One of the lead attorneys handling the matter against the Bayer AG-owned company got injured and it opened a spot for Wisner on the trial roster.
“I wasn’t a seasoned trial lawyer — just a 33-year-old wiseass,” he said. “I actually was involved in all the nitty-gritty stuff, though.”
Now, Wisner is a partner at his law firm and fresh off of a $2 billion trial verdict against one of the largest pharmaceutical companies in the world.
The San Francisco County Superior Court award, reached last year, was later trimmed but Monsanto has yet to prevail in any court.
Wisner is intimately familiar with all aspects of the Roundup litigation.

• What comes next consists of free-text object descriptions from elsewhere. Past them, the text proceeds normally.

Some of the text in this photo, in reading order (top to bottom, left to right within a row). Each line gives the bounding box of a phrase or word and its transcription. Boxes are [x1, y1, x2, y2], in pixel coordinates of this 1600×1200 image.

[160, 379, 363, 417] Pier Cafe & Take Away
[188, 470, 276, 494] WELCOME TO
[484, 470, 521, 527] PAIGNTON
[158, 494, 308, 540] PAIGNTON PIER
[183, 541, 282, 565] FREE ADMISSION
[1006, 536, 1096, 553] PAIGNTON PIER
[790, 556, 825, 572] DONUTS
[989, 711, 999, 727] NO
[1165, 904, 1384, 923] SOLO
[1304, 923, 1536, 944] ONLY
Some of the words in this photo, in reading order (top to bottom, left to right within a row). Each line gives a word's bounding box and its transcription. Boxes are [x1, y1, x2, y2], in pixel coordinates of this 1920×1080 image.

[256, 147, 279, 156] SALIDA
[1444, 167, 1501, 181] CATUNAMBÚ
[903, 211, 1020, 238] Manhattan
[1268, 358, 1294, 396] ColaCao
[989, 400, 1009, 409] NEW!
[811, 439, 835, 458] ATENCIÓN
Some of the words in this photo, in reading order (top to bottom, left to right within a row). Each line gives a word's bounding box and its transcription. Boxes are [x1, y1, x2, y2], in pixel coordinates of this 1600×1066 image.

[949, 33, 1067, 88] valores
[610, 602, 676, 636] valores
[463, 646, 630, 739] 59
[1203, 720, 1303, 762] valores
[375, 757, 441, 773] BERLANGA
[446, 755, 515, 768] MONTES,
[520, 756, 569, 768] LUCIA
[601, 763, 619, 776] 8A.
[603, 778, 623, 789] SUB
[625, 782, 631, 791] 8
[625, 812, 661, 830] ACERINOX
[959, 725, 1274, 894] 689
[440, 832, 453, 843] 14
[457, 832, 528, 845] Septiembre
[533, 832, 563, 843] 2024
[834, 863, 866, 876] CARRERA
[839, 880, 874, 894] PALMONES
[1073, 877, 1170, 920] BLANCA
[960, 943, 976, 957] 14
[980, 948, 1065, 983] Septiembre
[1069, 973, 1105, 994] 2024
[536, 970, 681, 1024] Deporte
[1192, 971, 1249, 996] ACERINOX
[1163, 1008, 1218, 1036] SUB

He authored at least a portion of every brief filed in the federal multidistrict litigation before U.S. District Judge Vince Chhabria and the coordinated proceedings in state court before Superior Court Judge Winifred Y. Smith. In re: Roundup Liability Litigation, 16-MD02741 (N.D. Cal., filed Oct. 4, 2016; Roundup Products Cases, JCCP004953 (Alameda Super. Ct., filed Nov. 16, 2016).
“I became one of the custodians of the science,” he said.
The Roundup weed killer contains the herbicide glyphosate, which the plaintiffs allege causes cancer.
Getting juries to believe that the company successfully manipulated the science on glyphosate was one of the most formidable hurdles in the Monsanto litigation, in part because the defense “literally sought to exclude essentially all the evidence,” Wisner said.
Wisner attributed Smith’s support of the jury verdict to the judge allowing more evidence.
Monsanto attorneys maintain they are waiting on verdicts in states other than California, but Wisner said the evidence is mounting against Bayer, which has lost about $38 billion in stock value since buying Monsanto.
In its post-trial appeals, the agrochemical company has repeatedly argued statements by Wisner are unduly prejudicial. Wisner is not deterred.
“We have an obligation to get our clients a trial because we know we can win,” he said. “When it comes to this litigation and a global resolution, we’re at war until we’re at peace.”